The women were unnaturally quick, whirling and diving and lunging without appearing to need to think about it. Their reactions were instantaneous; Dallen saw one Narhl soldier, faster than the rest, fling his ice-spear at one of the green women, but, rather than shying away, she leapt towards the spear, smacking it from its dangerous arc with one blow of her sword so that it clattered harmlessly against the nearest statue, and using the momentum of her leap she turned and brought her other sword down across the Narhl soldier’s neck. Dallen saw his blood spray crimson in the dawn light, and then he was down.
‘Kill them!’ his father was bellowing, ‘Kill them all!’ The king had a hold of his axe and was charging in a frenzy, but the green women were too fast, simply dancing out of his way. All around him, Narhl soldiers were falling, screaming in the dirt, bleeding out. Dallen scrambled awkwardly to his feet, stumbling backwards as a man with his chest torn open collapsed in front of him.
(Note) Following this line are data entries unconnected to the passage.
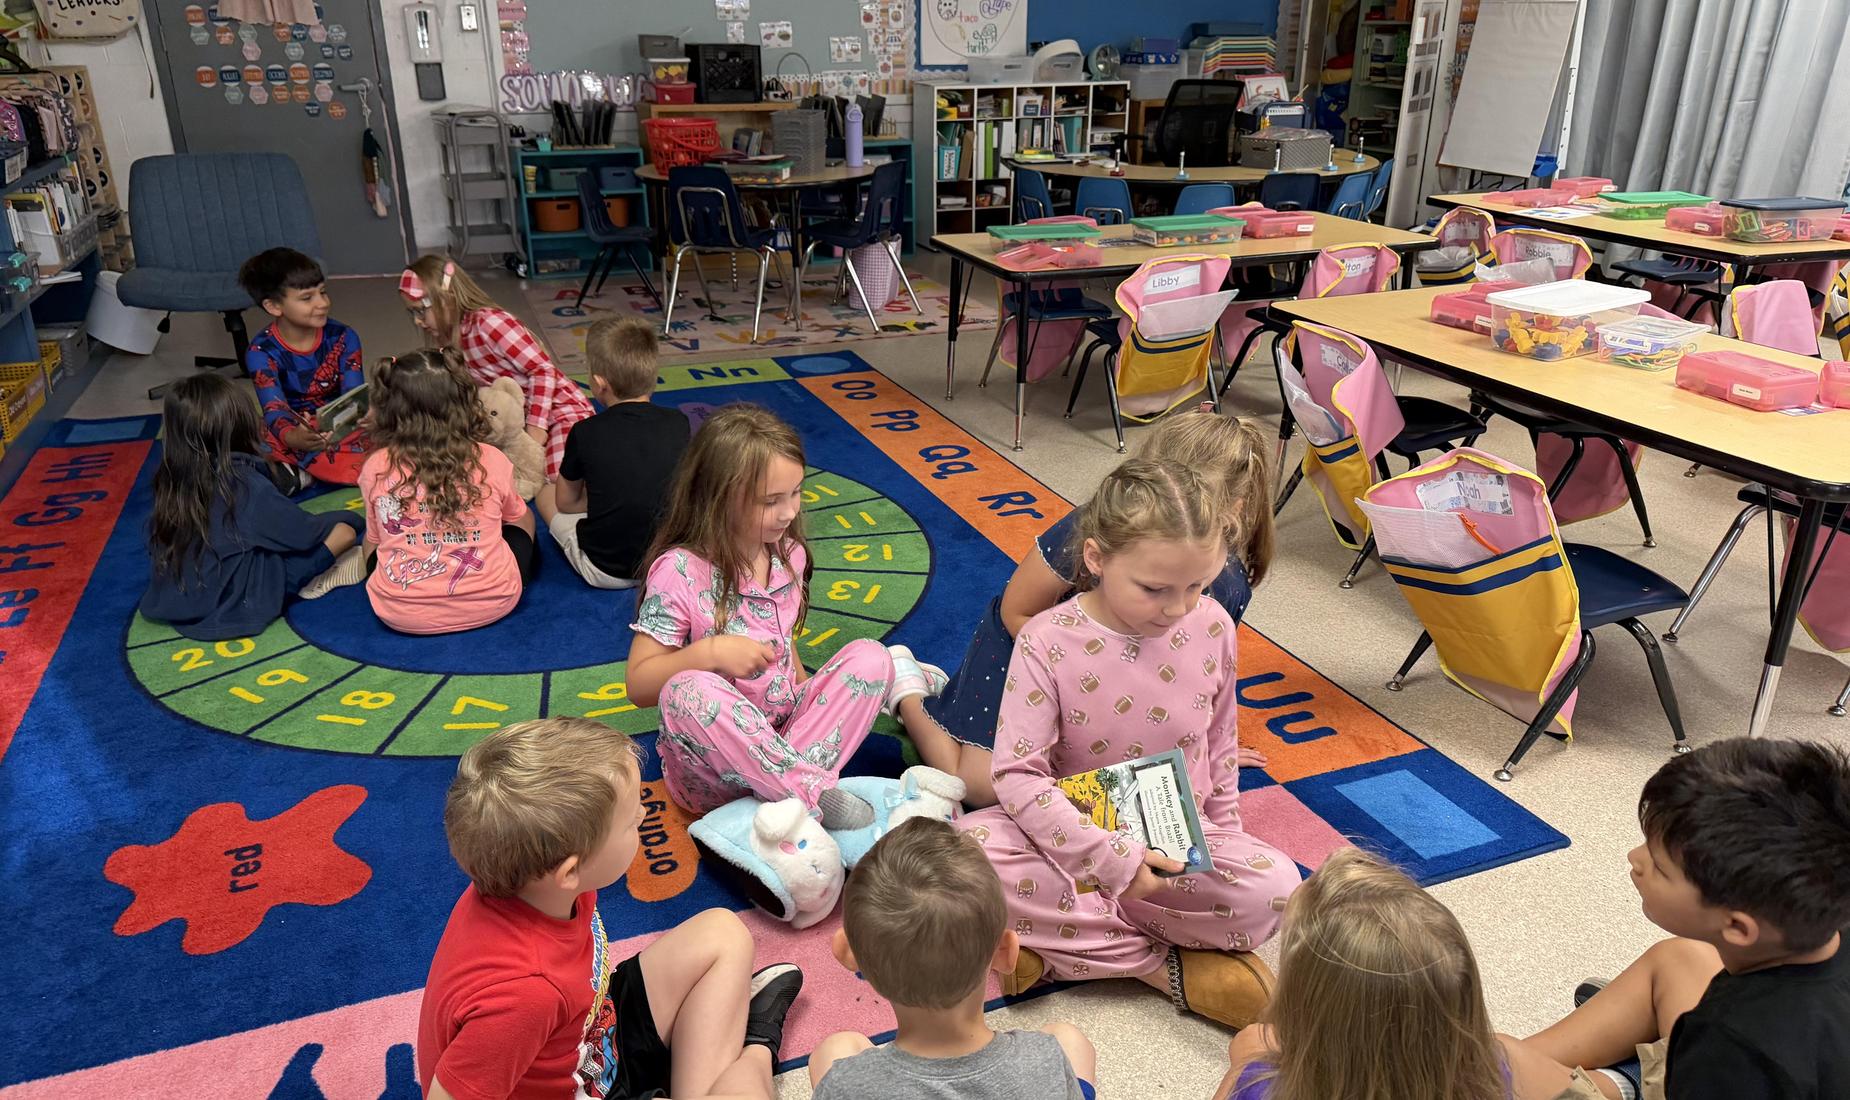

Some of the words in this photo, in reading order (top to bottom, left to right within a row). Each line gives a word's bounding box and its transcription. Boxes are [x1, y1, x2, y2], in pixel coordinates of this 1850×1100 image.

[1152, 274, 1180, 289] Libby
[687, 366, 760, 381] Nn
[831, 380, 878, 401] Oo
[870, 410, 921, 432] Pp
[40, 452, 115, 484] Hh
[918, 444, 980, 480] Qq
[1457, 480, 1482, 501] Noah
[12, 489, 109, 528] Gg
[834, 511, 877, 529] 11
[977, 491, 1046, 521] Rr
[843, 543, 893, 562] 12
[826, 579, 882, 604] 13
[171, 637, 256, 672] 20
[228, 668, 309, 704] 19
[316, 689, 396, 726] 18
[442, 696, 509, 730] 17
[576, 682, 640, 719] 16
[1235, 671, 1338, 745] Uu
[1157, 793, 1165, 806] Tale
[1160, 775, 1174, 810] Monkey
[1160, 807, 1169, 823] from
[1169, 808, 1178, 823] and
[1164, 824, 1175, 844] Brazil
[1172, 823, 1186, 851] Rabbit
[227, 842, 264, 894] red
‘Someone untie my bonds!’ he cried, but even if they had wanted to, the Narhl soldiers had no chance to free him; they were falling fast now, and the smell of blood was overpowering. The woman with the green lichen in her eyebrows staggered past him, one hand pressed to her neck, her eyes wide and glassy. The woman who had stabbed her pushed her easily onto the ground and glanced up at Dallen, and nodded once before heading back into the fray.
What is going on? ‘Stop, please!’
He saw his father beset on all sides by three of the green warriors, and he had dropped his axe in favour of a pair of curved blades. King Aristees was famed throughout the Frozen Steps as a legendary fighter but Dallen could see that his father was struggling. Soon, they would put him down too.
‘Wyverns, to me!’
The big lizards were confused, cowering back against the stones away from these newcomers, but each of them turned towards his call, long snouts snuffling the air.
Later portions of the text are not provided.